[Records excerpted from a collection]
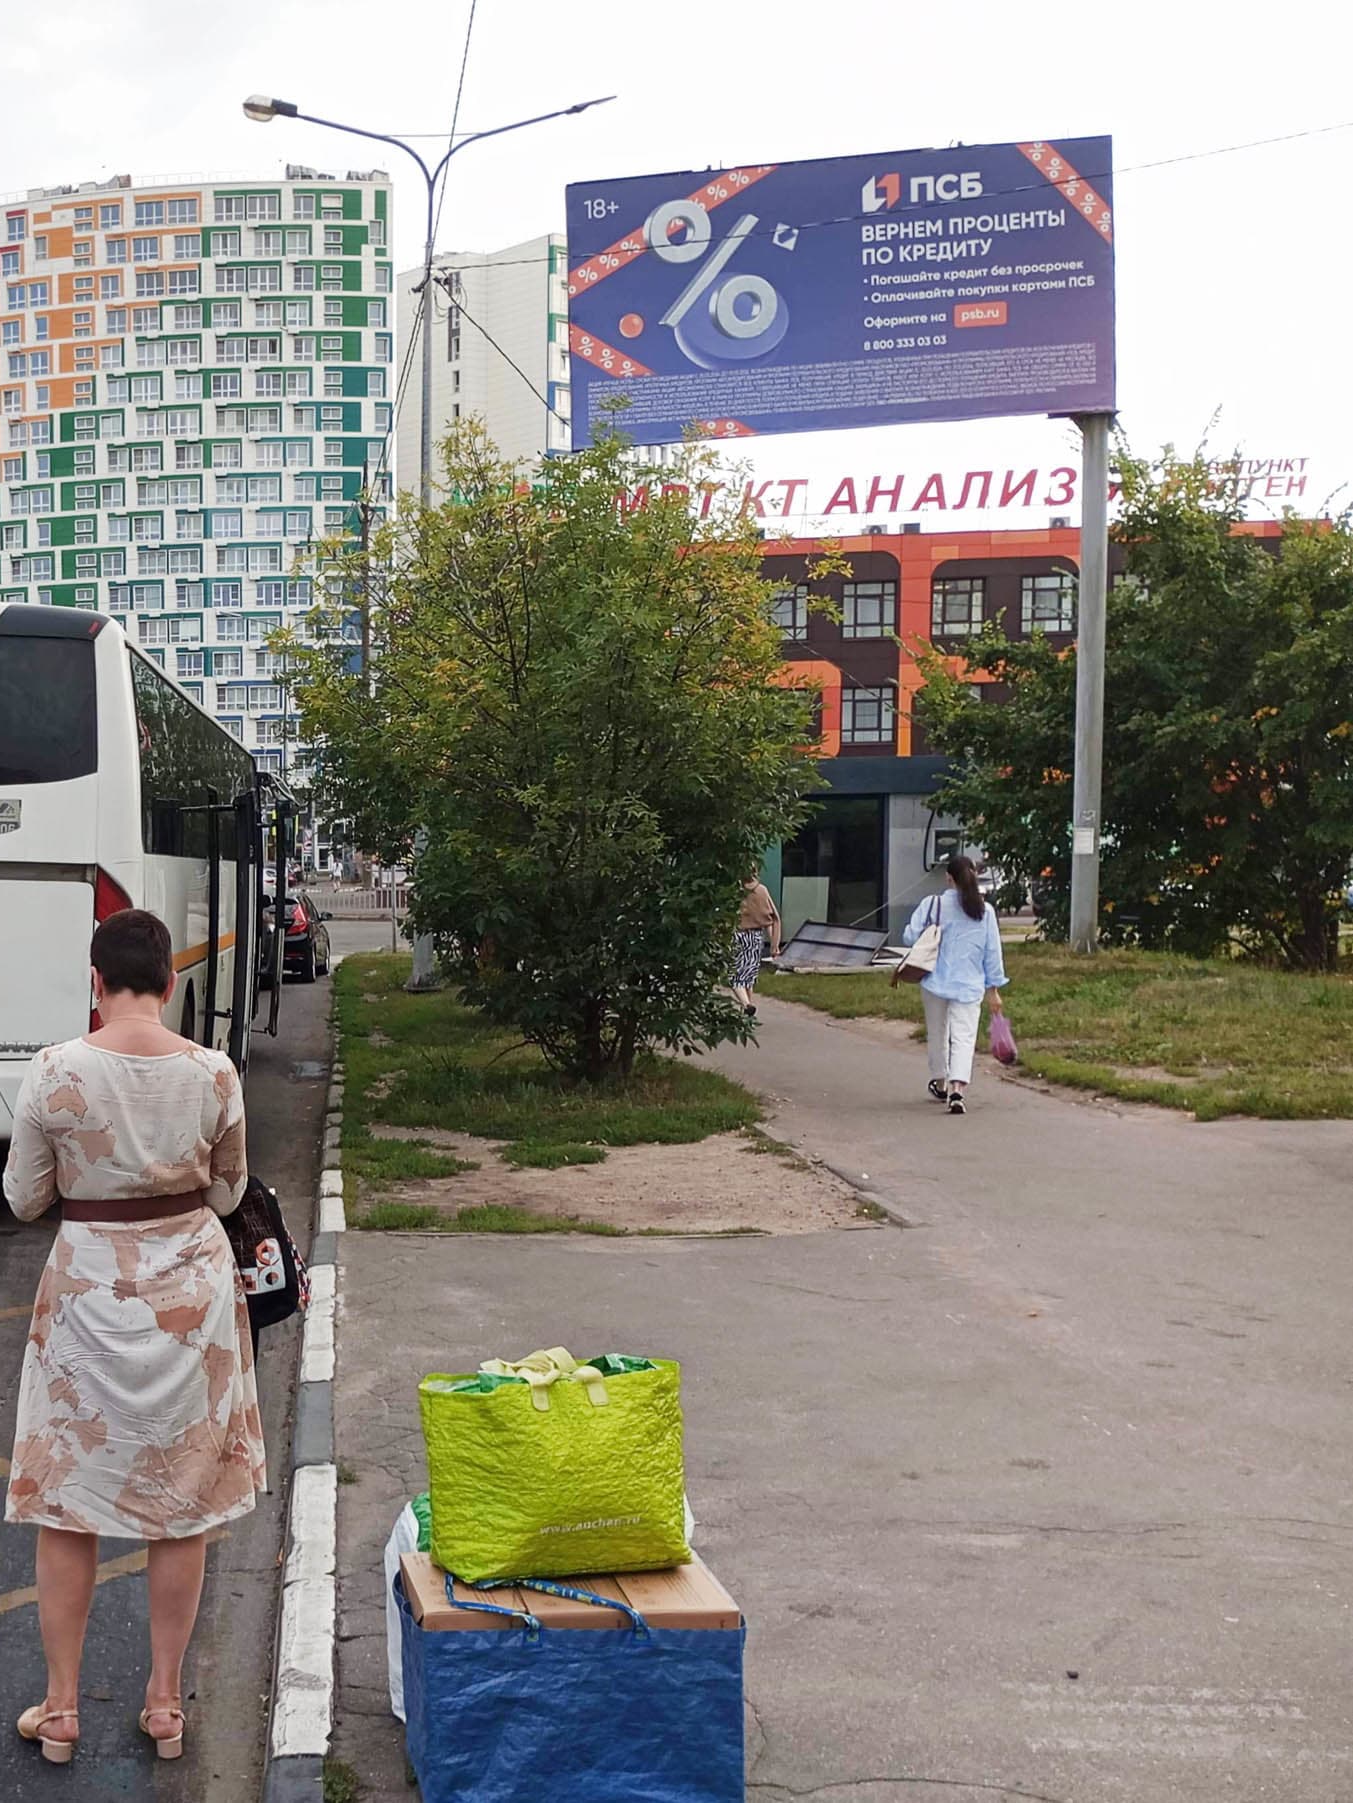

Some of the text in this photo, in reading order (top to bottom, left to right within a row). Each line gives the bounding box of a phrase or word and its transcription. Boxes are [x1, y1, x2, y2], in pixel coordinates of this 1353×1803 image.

[910, 171, 984, 203] ПСБ
[584, 198, 619, 219] 18+
[861, 208, 1066, 243] ВЕРНЕМ ПРОЦЕНТЫ
[861, 238, 993, 266] ПО КРЕДИТУ
[871, 260, 1085, 287] Погашайте кредит без просрочек
[871, 275, 1096, 304] Оплачивайте покупки картами ПСБ
[864, 307, 1000, 330] Оформите на psb.ru
[863, 335, 947, 351] 8 800 333 03 03
[738, 478, 809, 518] КТ
[822, 466, 1080, 515] АНАЛИЗ
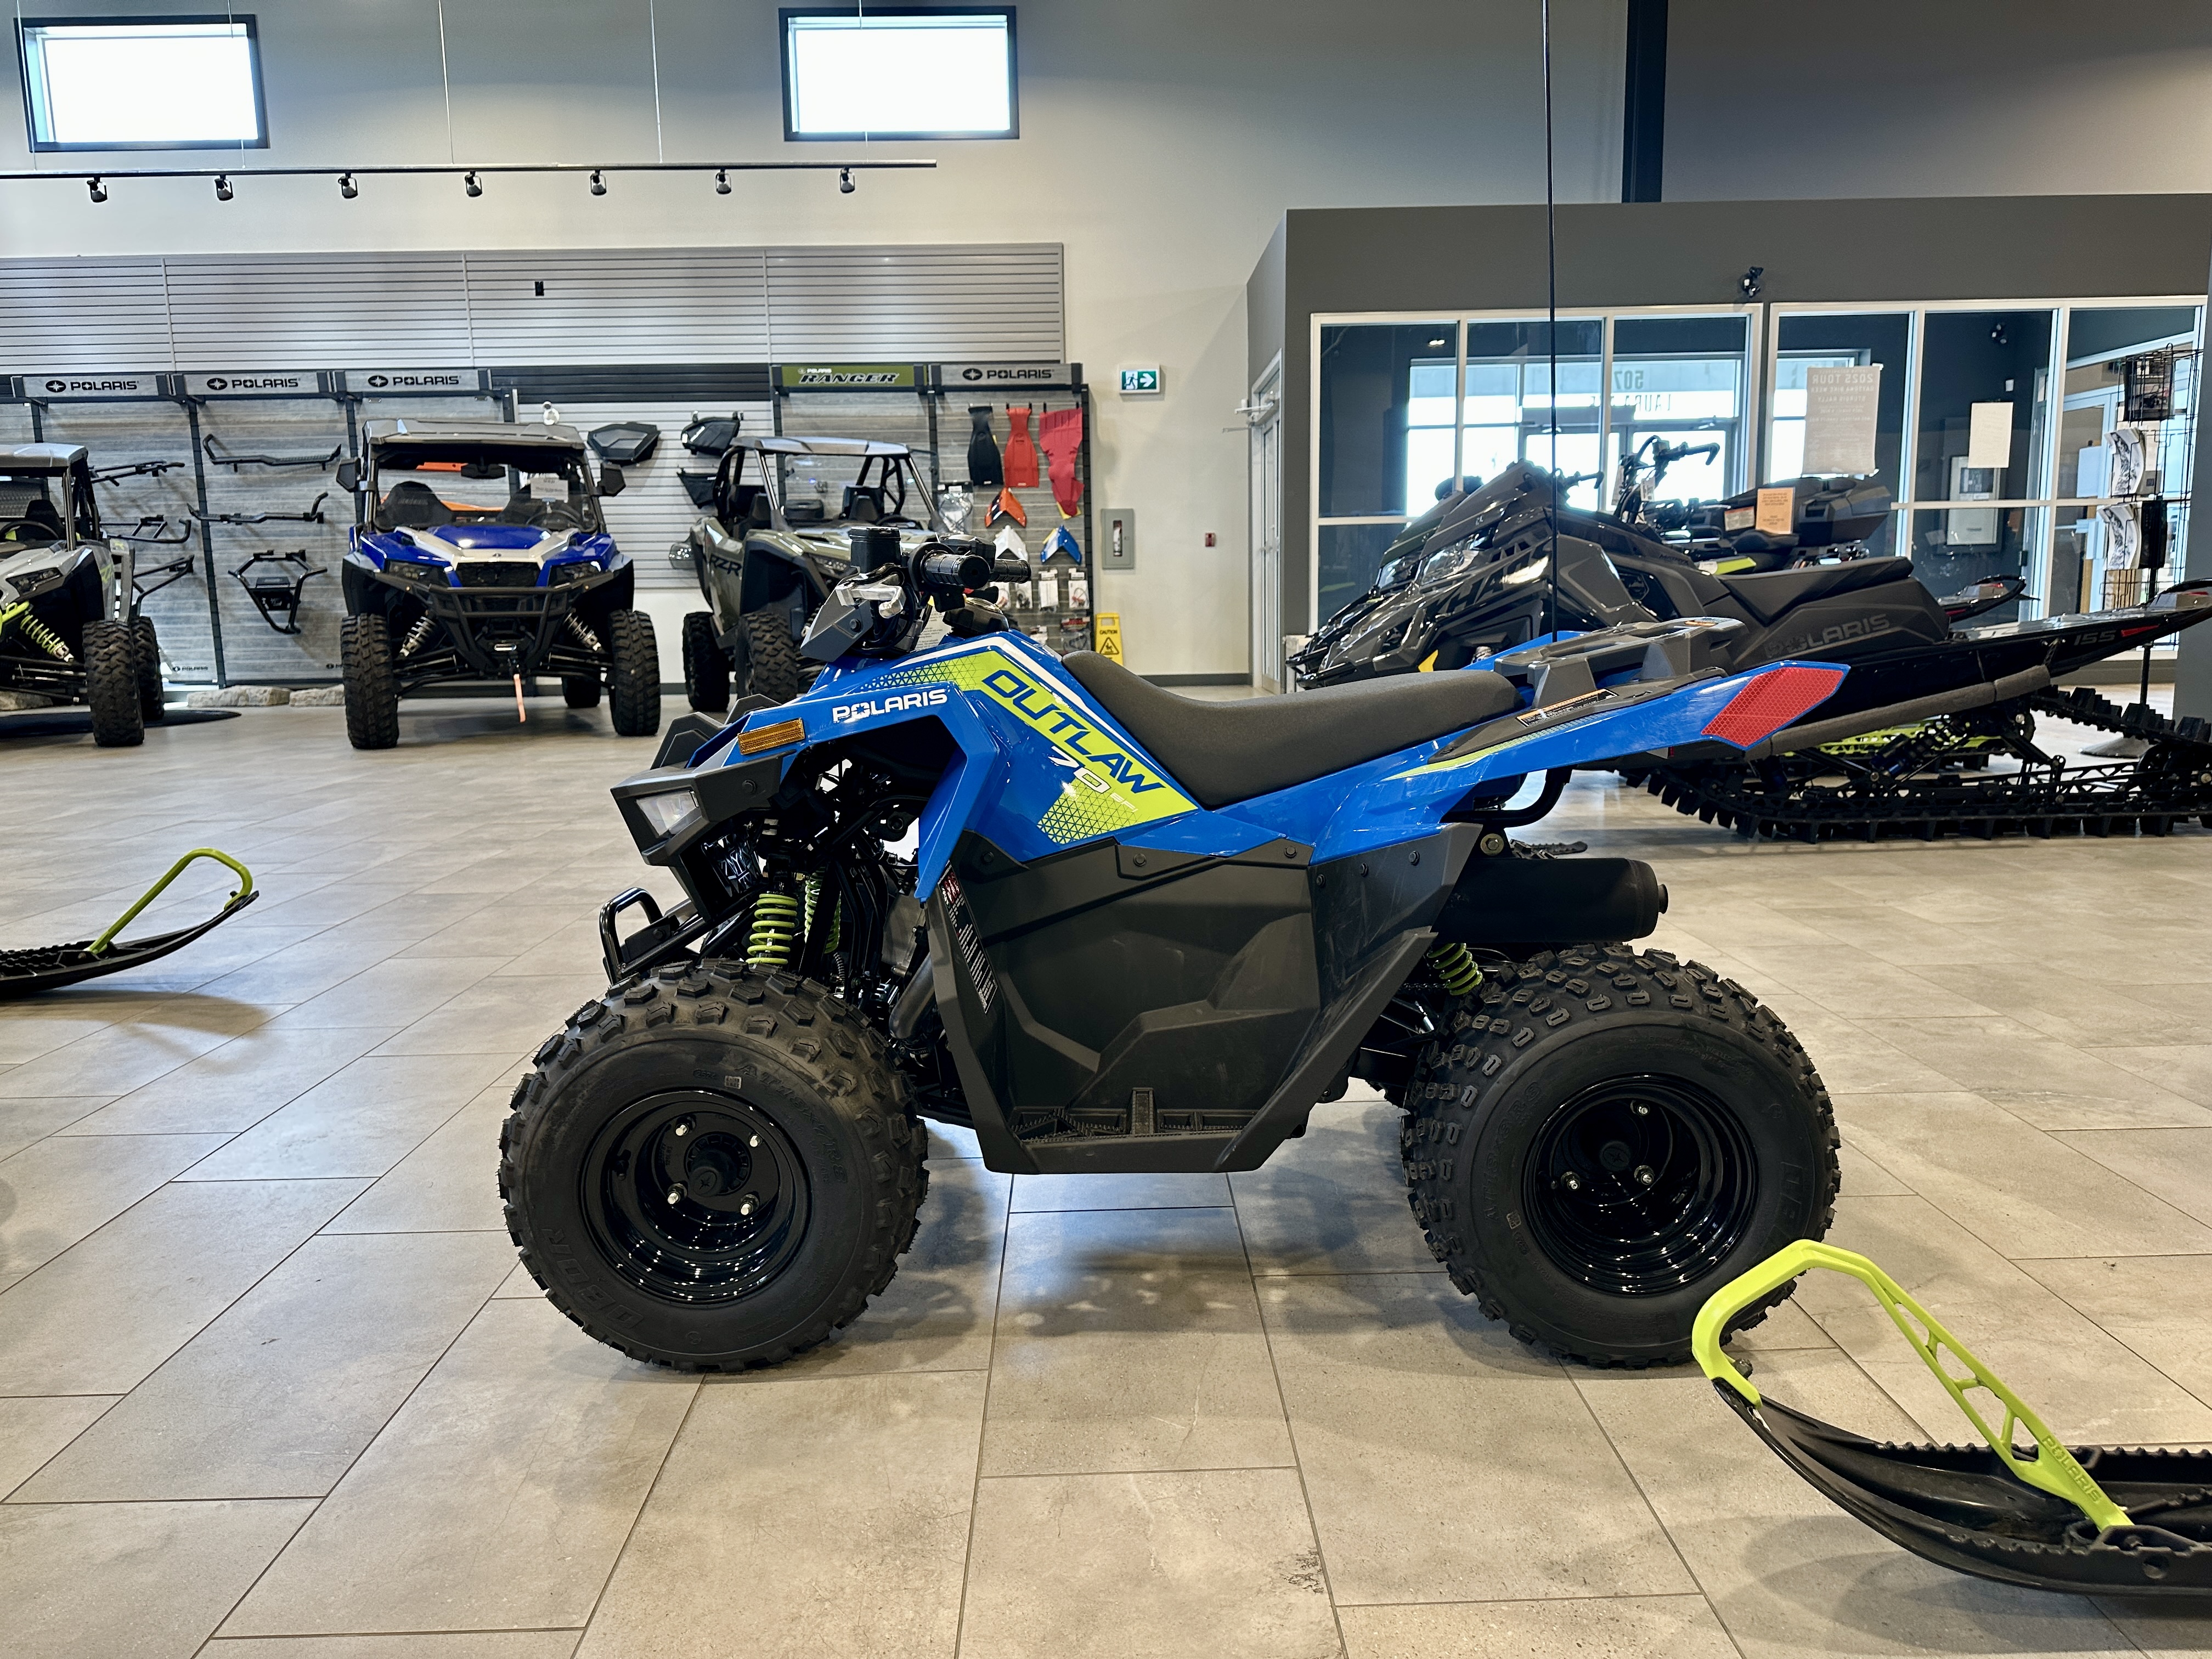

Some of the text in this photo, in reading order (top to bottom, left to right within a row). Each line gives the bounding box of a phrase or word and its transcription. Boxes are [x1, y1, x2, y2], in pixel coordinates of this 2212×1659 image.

[231, 378, 299, 389] POLARIS
[392, 375, 460, 386] POLARIS
[799, 373, 899, 383] RANGER
[986, 369, 1052, 379] POLARIS
[70, 380, 138, 391] POLARIS
[709, 554, 742, 577] RZR
[1764, 613, 1891, 659] POLARIS
[2074, 630, 2116, 646] 155
[832, 689, 949, 723] POLARIS
[981, 668, 1166, 794] OUTLAW
[1047, 745, 1111, 794] 70
[1109, 792, 1139, 813] EFI
[2041, 1435, 2102, 1503] POLARIS
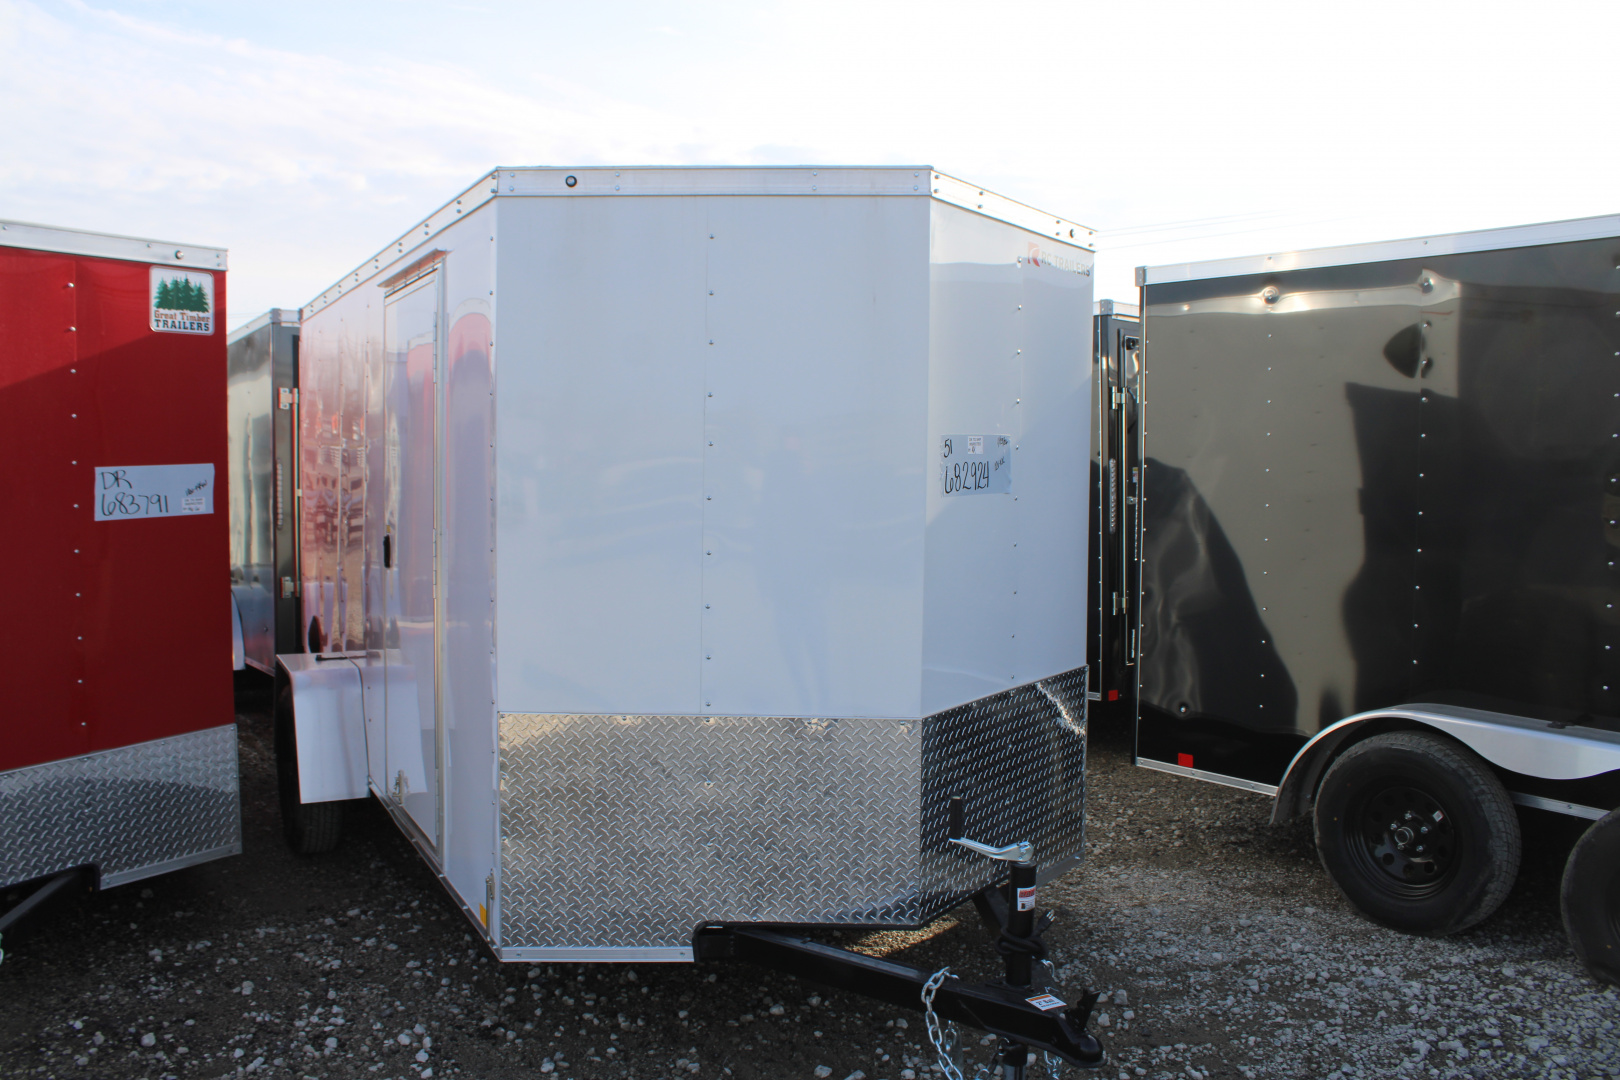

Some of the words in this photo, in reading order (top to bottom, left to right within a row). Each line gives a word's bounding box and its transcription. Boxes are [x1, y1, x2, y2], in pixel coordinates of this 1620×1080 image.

[1041, 250, 1053, 266] RC
[1054, 253, 1091, 277] TRAILERS
[154, 309, 178, 320] Great
[180, 312, 211, 322] Timber
[154, 318, 210, 331] TRAILERS
[101, 469, 132, 490] DR
[944, 460, 989, 494] 682924
[101, 492, 169, 516] 683791

-- EXERCISE DESCRIPTION --
With the images excluded, all entries are to be given again exactly.

-- SOLUTION BELOW --
Some of the text in this photo, in reading order (top to bottom, left to right within a row). Each line gives the bounding box of a phrase or word and its transcription. Boxes are [x1, y1, x2, y2], in pixel coordinates of this 1353×1803 image.

[910, 171, 984, 203] ПСБ
[584, 198, 619, 219] 18+
[861, 208, 1066, 243] ВЕРНЕМ ПРОЦЕНТЫ
[861, 238, 993, 266] ПО КРЕДИТУ
[871, 260, 1085, 287] Погашайте кредит без просрочек
[871, 275, 1096, 304] Оплачивайте покупки картами ПСБ
[864, 307, 1000, 330] Оформите на psb.ru
[863, 335, 947, 351] 8 800 333 03 03
[738, 478, 809, 518] КТ
[822, 466, 1080, 515] АНАЛИЗ

Some of the text in this photo, in reading order (top to bottom, left to right within a row). Each line gives the bounding box of a phrase or word and its transcription. Boxes are [x1, y1, x2, y2], in pixel coordinates of this 2212×1659 image.

[231, 378, 299, 389] POLARIS
[392, 375, 460, 386] POLARIS
[799, 373, 899, 383] RANGER
[986, 369, 1052, 379] POLARIS
[70, 380, 138, 391] POLARIS
[709, 554, 742, 577] RZR
[1764, 613, 1891, 659] POLARIS
[2074, 630, 2116, 646] 155
[832, 689, 949, 723] POLARIS
[981, 668, 1166, 794] OUTLAW
[1047, 745, 1111, 794] 70
[1109, 792, 1139, 813] EFI
[2041, 1435, 2102, 1503] POLARIS

Some of the words in this photo, in reading order (top to bottom, left to right within a row). Each line gives a word's bounding box and its transcription. Boxes are [x1, y1, x2, y2], in pixel coordinates of this 1620×1080 image.

[1041, 250, 1053, 266] RC
[1054, 253, 1091, 277] TRAILERS
[154, 309, 178, 320] Great
[180, 312, 211, 322] Timber
[154, 318, 210, 331] TRAILERS
[101, 469, 132, 490] DR
[944, 460, 989, 494] 682924
[101, 492, 169, 516] 683791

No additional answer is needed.